Raw data
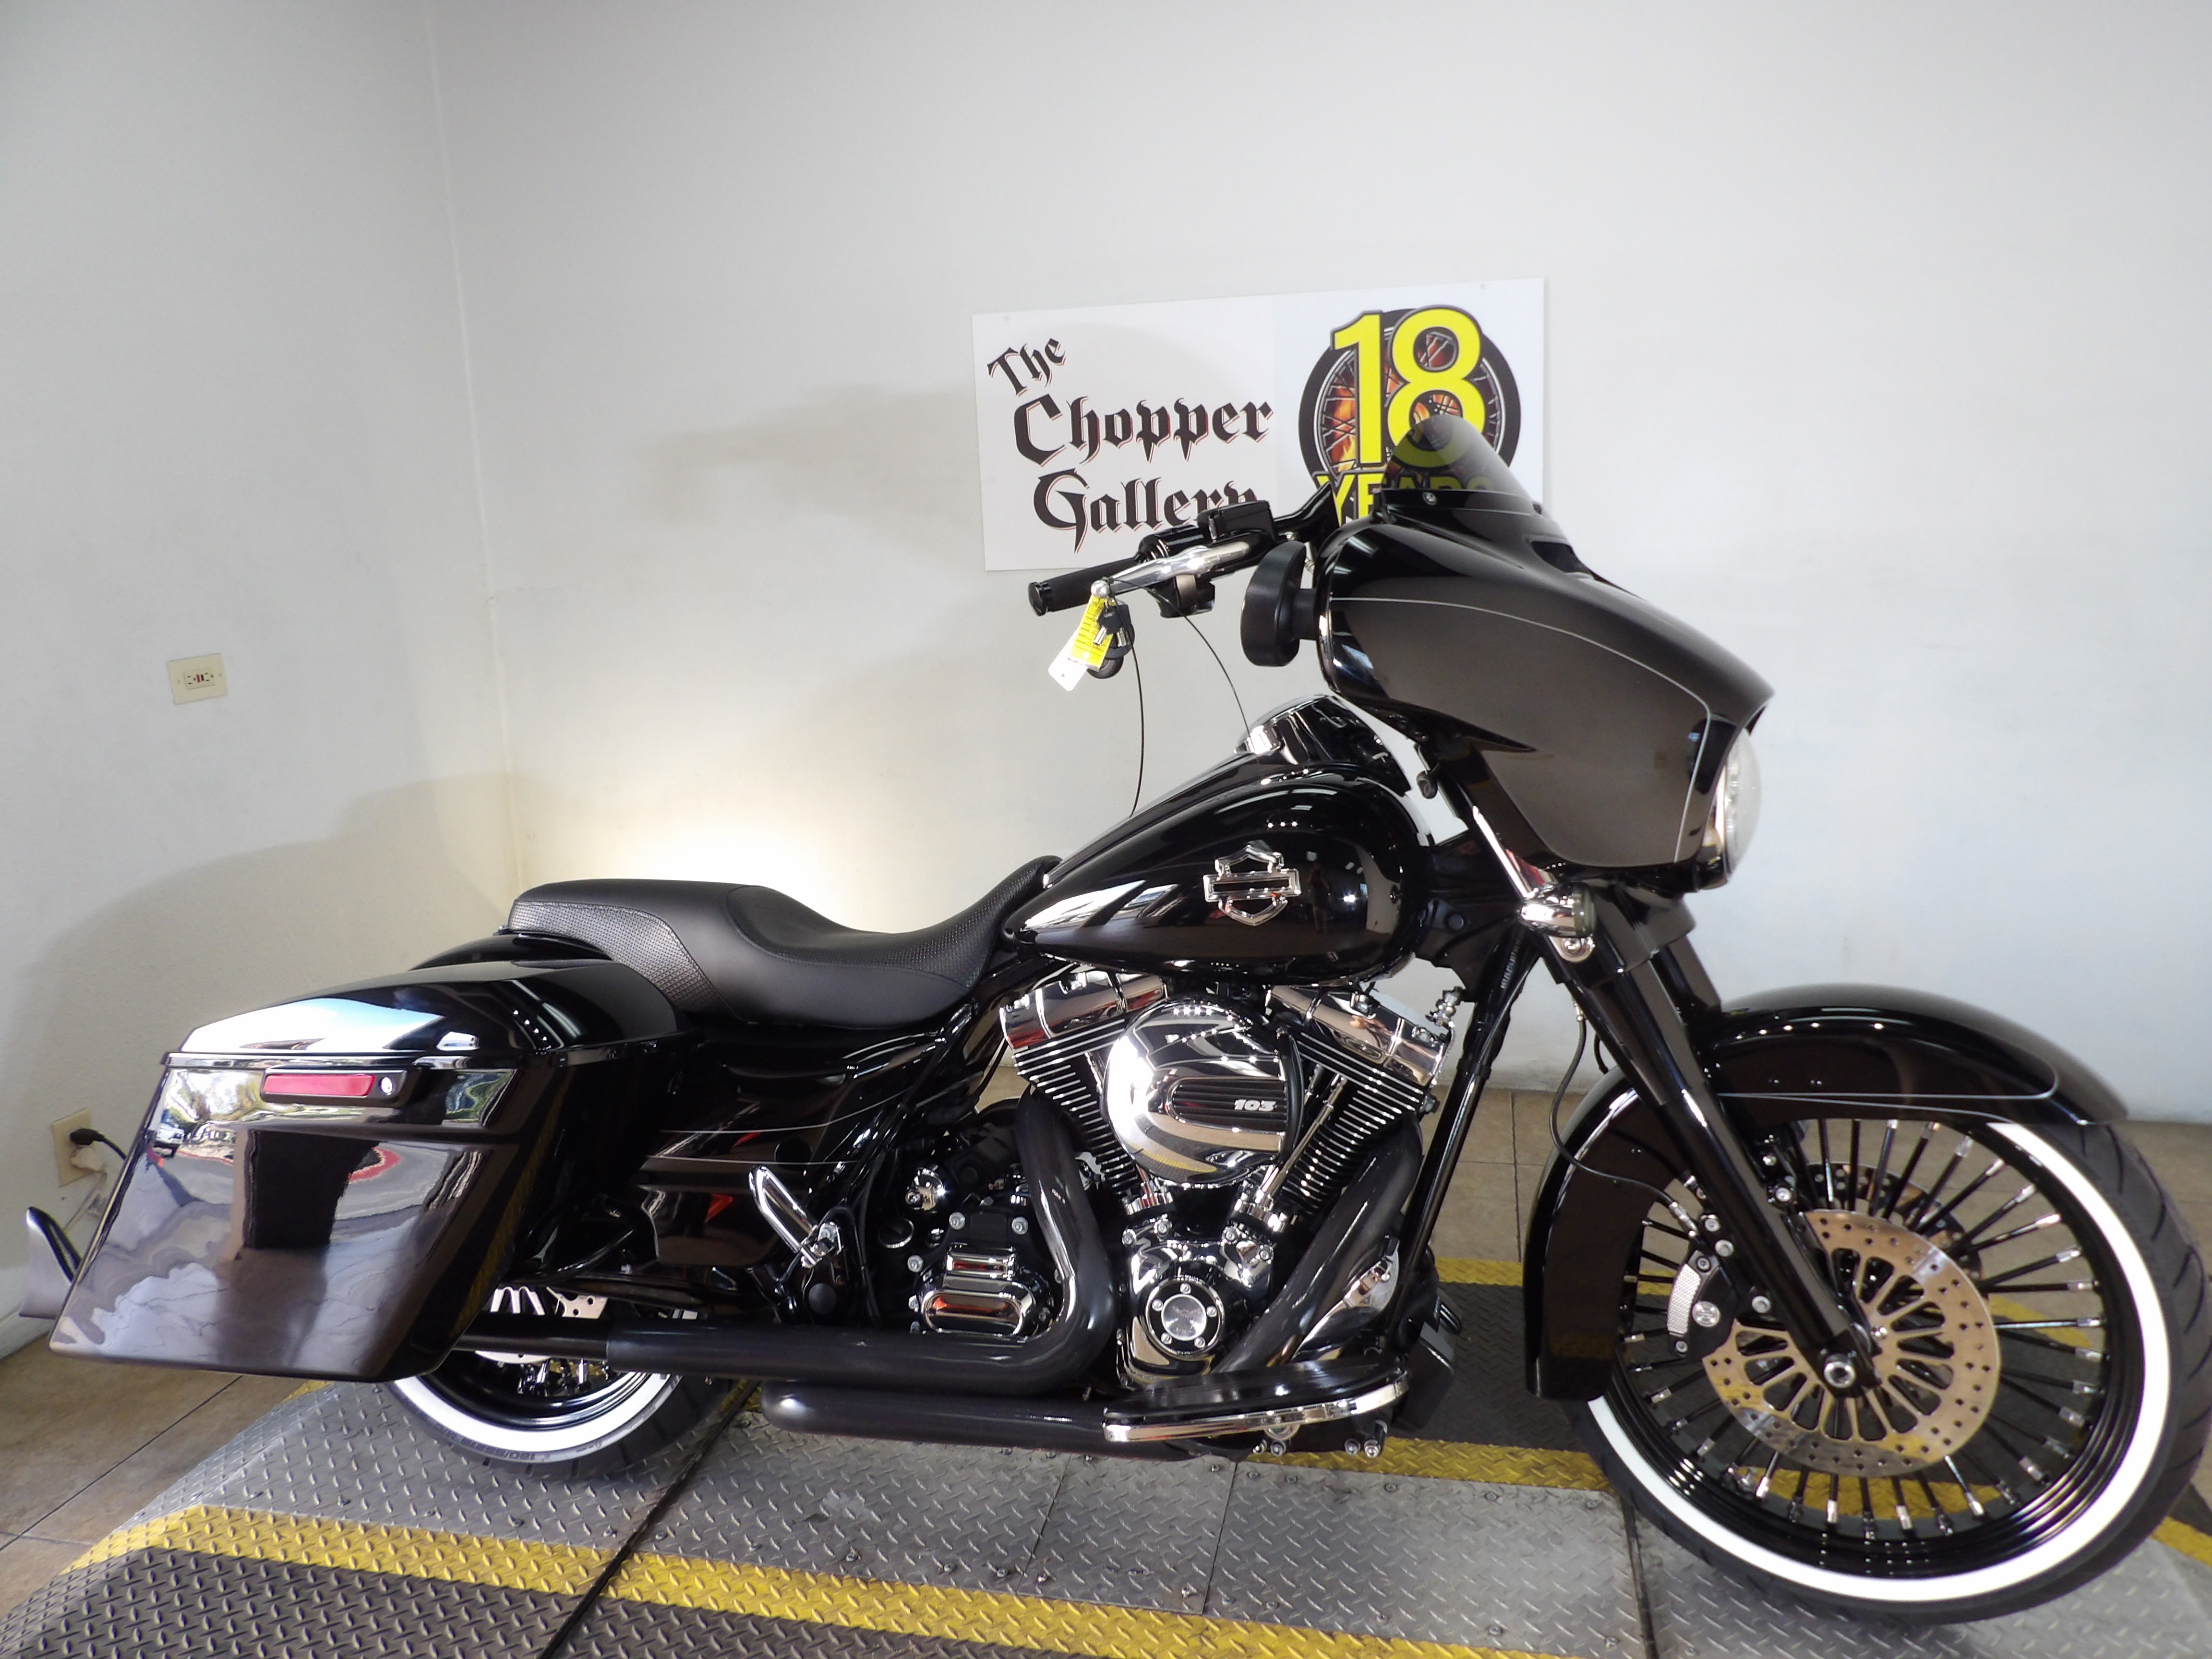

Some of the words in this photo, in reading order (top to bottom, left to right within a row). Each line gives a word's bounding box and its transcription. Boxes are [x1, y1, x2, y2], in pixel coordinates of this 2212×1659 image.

[987, 338, 1067, 397] The
[1331, 304, 1487, 469] 18
[1014, 393, 1274, 467] Chopper
[1234, 1099, 1276, 1112] 103
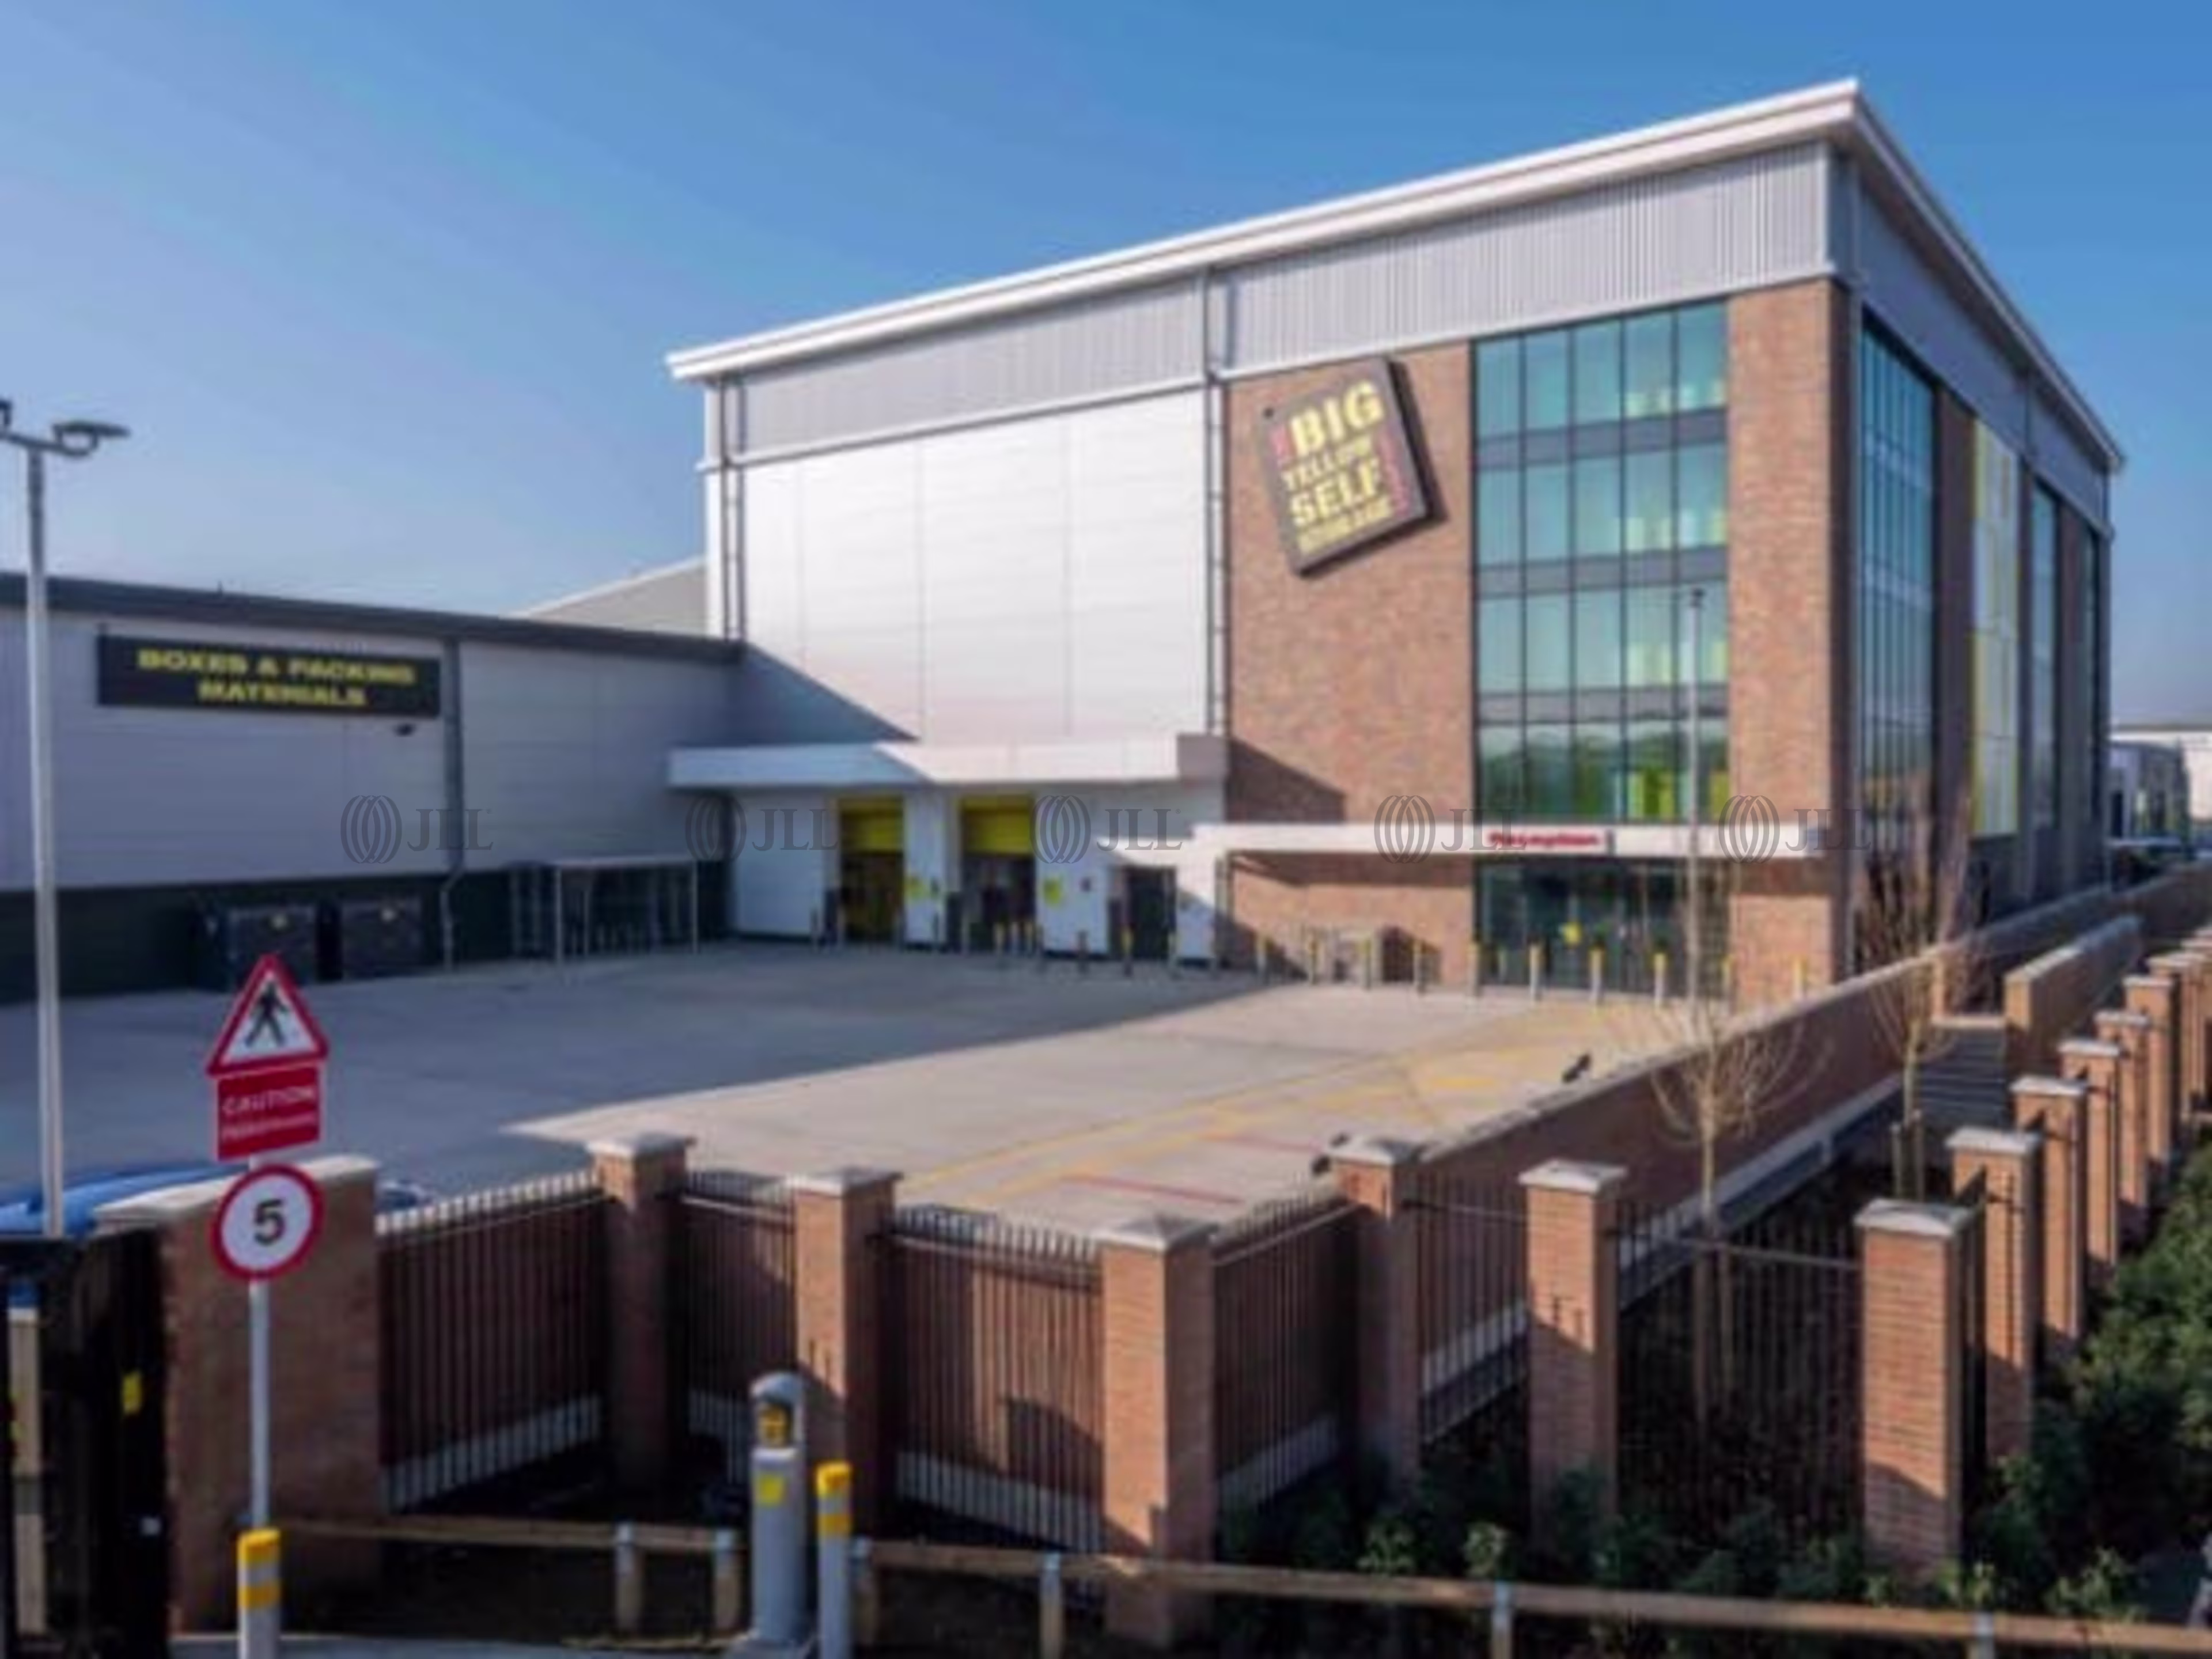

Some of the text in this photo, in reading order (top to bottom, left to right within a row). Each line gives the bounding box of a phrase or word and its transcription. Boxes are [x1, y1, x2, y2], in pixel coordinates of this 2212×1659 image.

Exercise directions
Return the data above unchanged. Pictures are not part of the copy.

Response below
Some of the words in this photo, in reading order (top to bottom, left to right within a row). Each line gives a word's bounding box and its transcription. Boxes are [x1, y1, x2, y2], in pixel coordinates of this 2212×1659 image.

[987, 338, 1067, 397] The
[1331, 304, 1487, 469] 18
[1014, 393, 1274, 467] Chopper
[1234, 1099, 1276, 1112] 103

Some of the text in this photo, in reading order (top to bottom, left to right within a row). Each line gives the bounding box of a phrase or word and its transcription. Boxes are [x1, y1, x2, y2], in pixel coordinates of this 2212×1659 image.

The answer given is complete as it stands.